EXERCISE DETAILS = The complete listing goes into the output exactly, without its pictures.

DATA IN THIS EXERCISE =
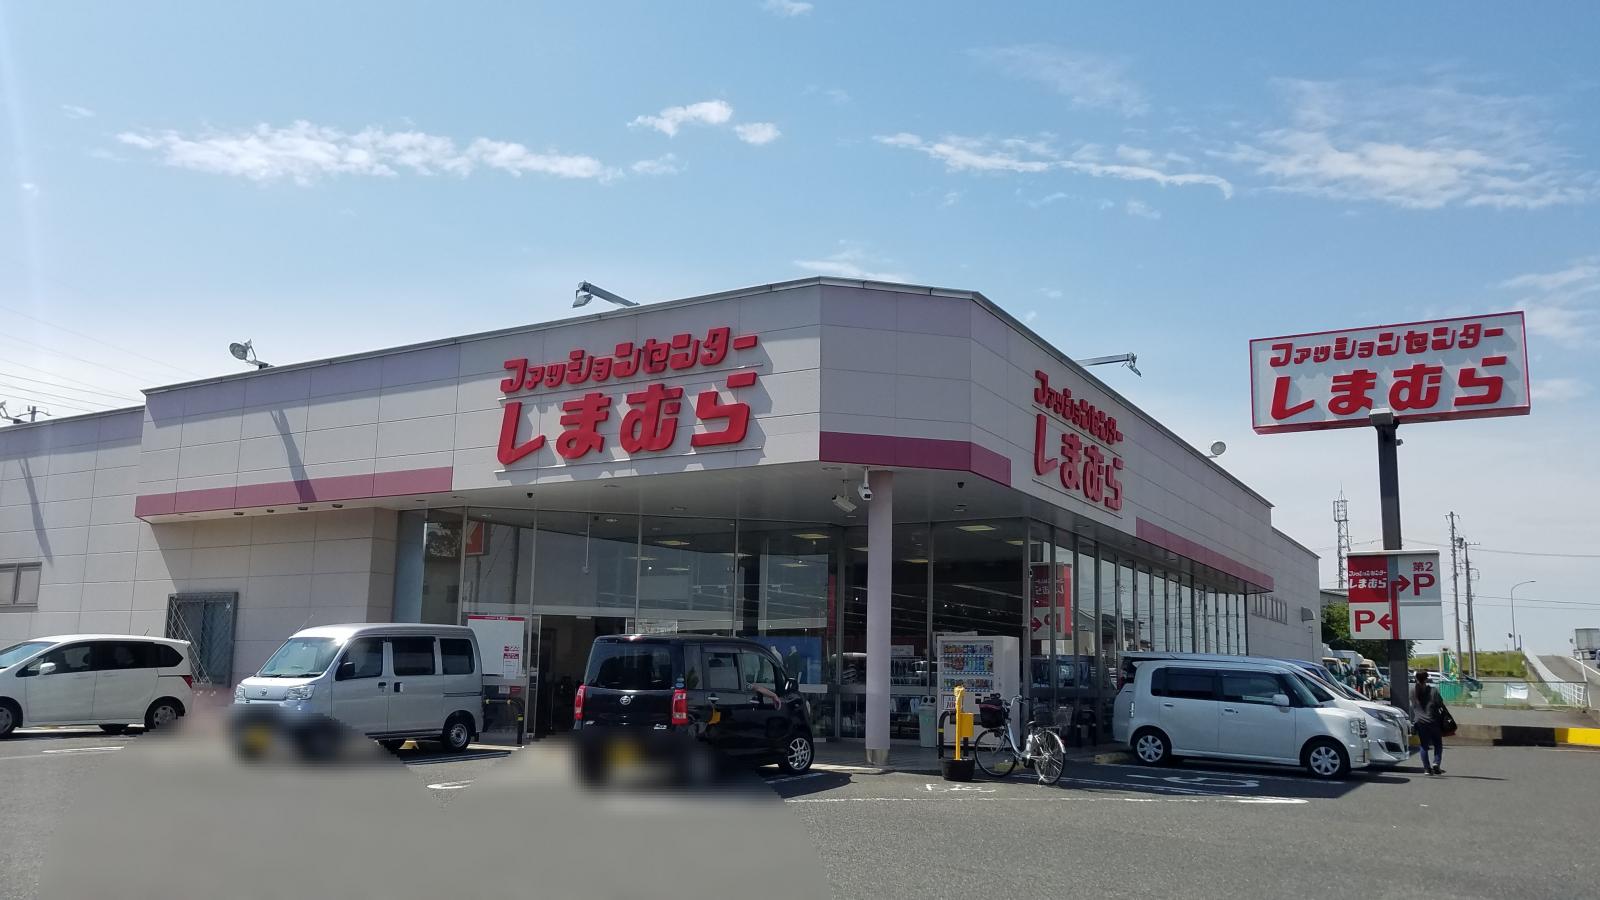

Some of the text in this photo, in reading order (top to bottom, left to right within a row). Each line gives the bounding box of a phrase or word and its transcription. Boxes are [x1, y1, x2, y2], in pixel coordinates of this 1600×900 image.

[500, 327, 758, 393] ファッションセンター
[1270, 323, 1504, 367] ファッションセンター
[1034, 370, 1123, 445] ファッションセンター
[1270, 356, 1507, 420] しまむら
[497, 372, 758, 465] しまむら
[1034, 414, 1124, 511] しまむら
[1349, 577, 1387, 589] しまむら
[1412, 561, 1433, 572] 第2
[1412, 573, 1435, 596] P
[1354, 610, 1376, 633] P
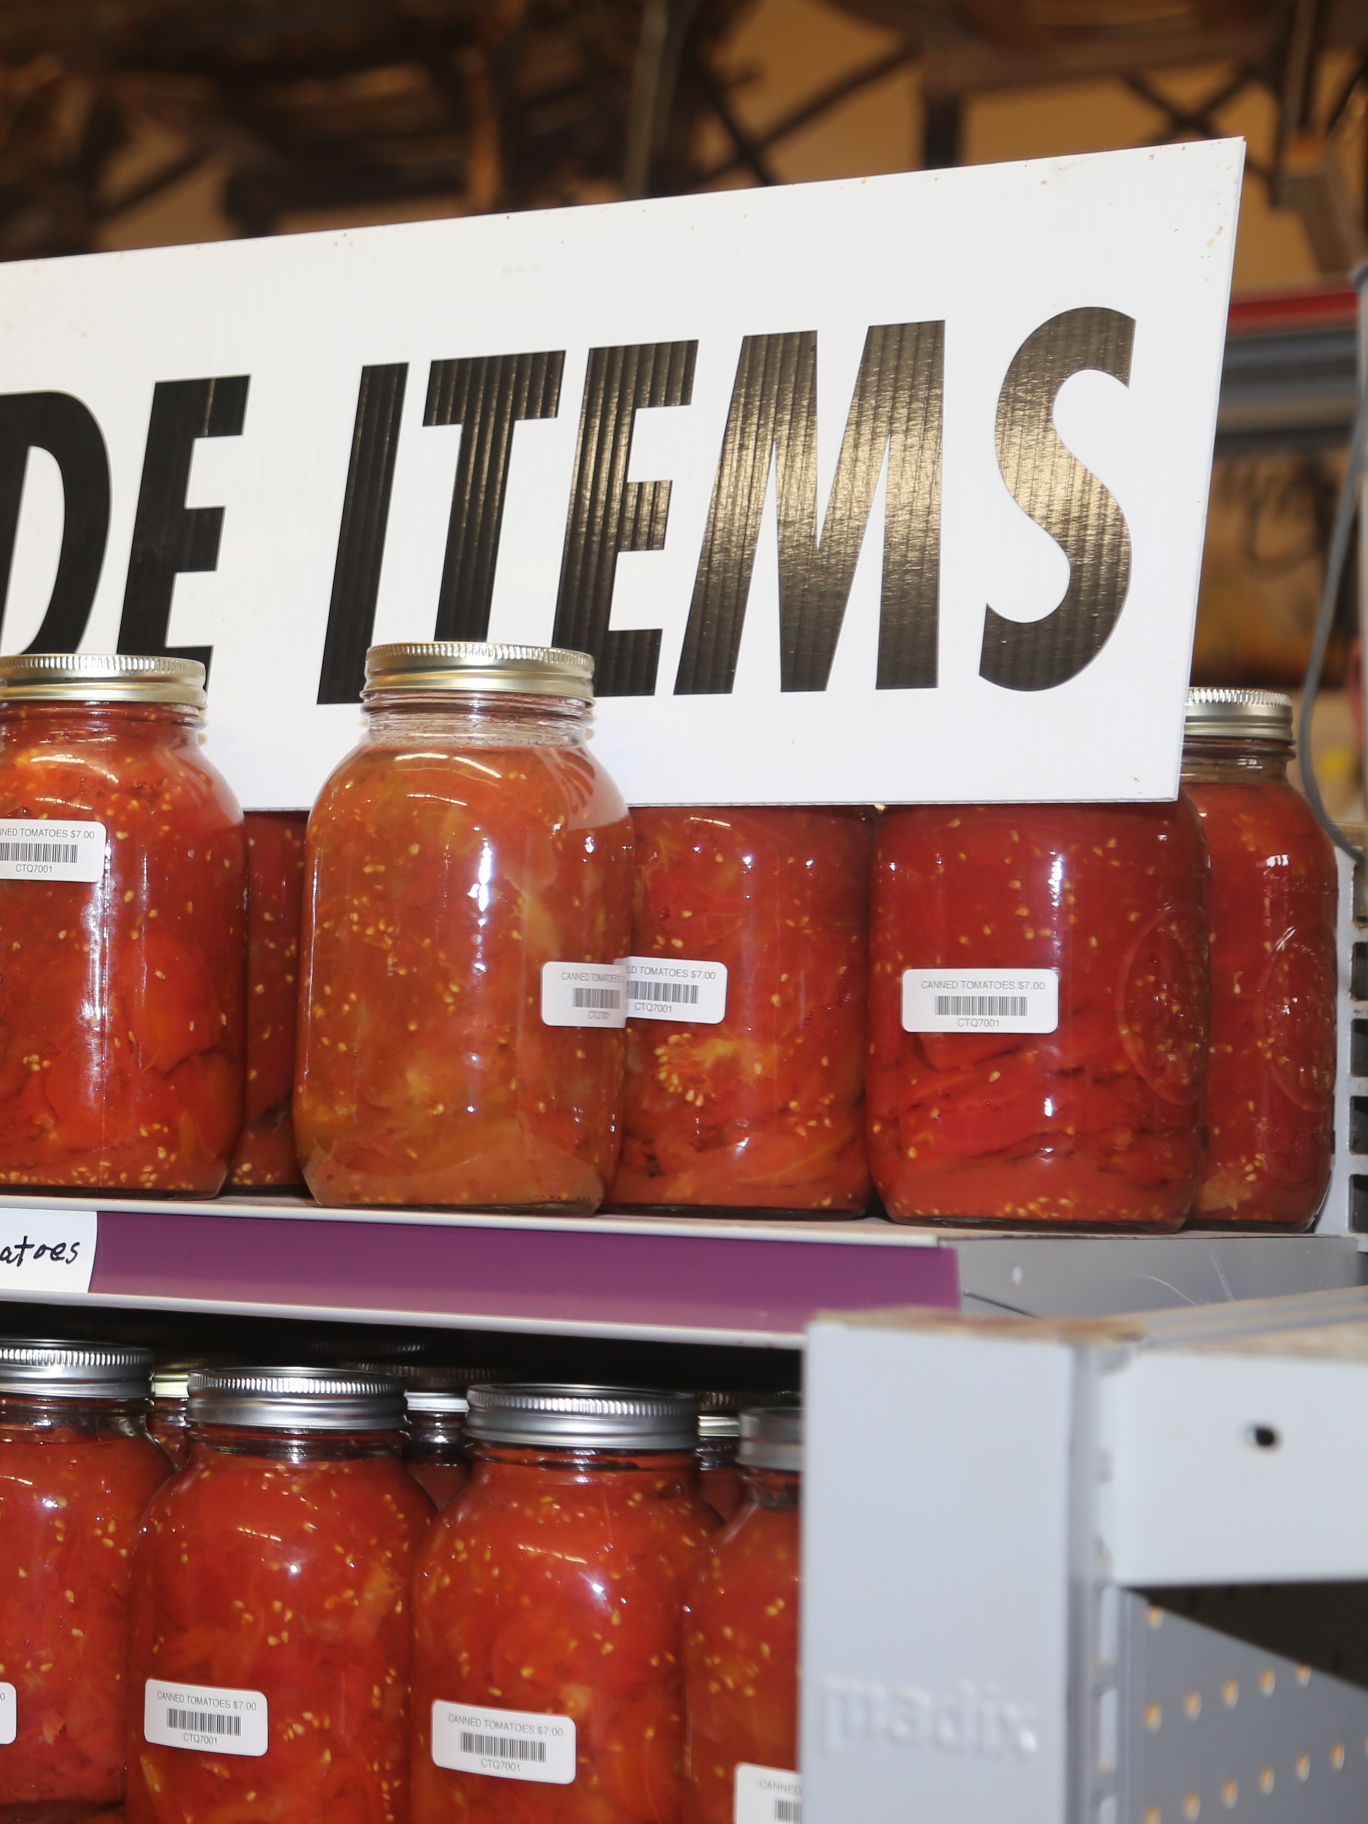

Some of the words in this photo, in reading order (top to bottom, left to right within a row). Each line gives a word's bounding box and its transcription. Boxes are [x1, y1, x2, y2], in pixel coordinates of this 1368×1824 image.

PROBLEM SOLUTION =
Some of the text in this photo, in reading order (top to bottom, left to right within a row). Each line gives the bounding box of a phrase or word and its transcription. Boxes are [x1, y1, x2, y2], in pixel coordinates of this 1600×900 image.

[500, 327, 758, 393] ファッションセンター
[1270, 323, 1504, 367] ファッションセンター
[1034, 370, 1123, 445] ファッションセンター
[1270, 356, 1507, 420] しまむら
[497, 372, 758, 465] しまむら
[1034, 414, 1124, 511] しまむら
[1349, 577, 1387, 589] しまむら
[1412, 561, 1433, 572] 第2
[1412, 573, 1435, 596] P
[1354, 610, 1376, 633] P

Some of the words in this photo, in reading order (top to bottom, left to right within a row). Each line gives a word's bounding box and its transcription. Boxes are [x1, y1, x2, y2], in pixel coordinates of this 1368×1824 image.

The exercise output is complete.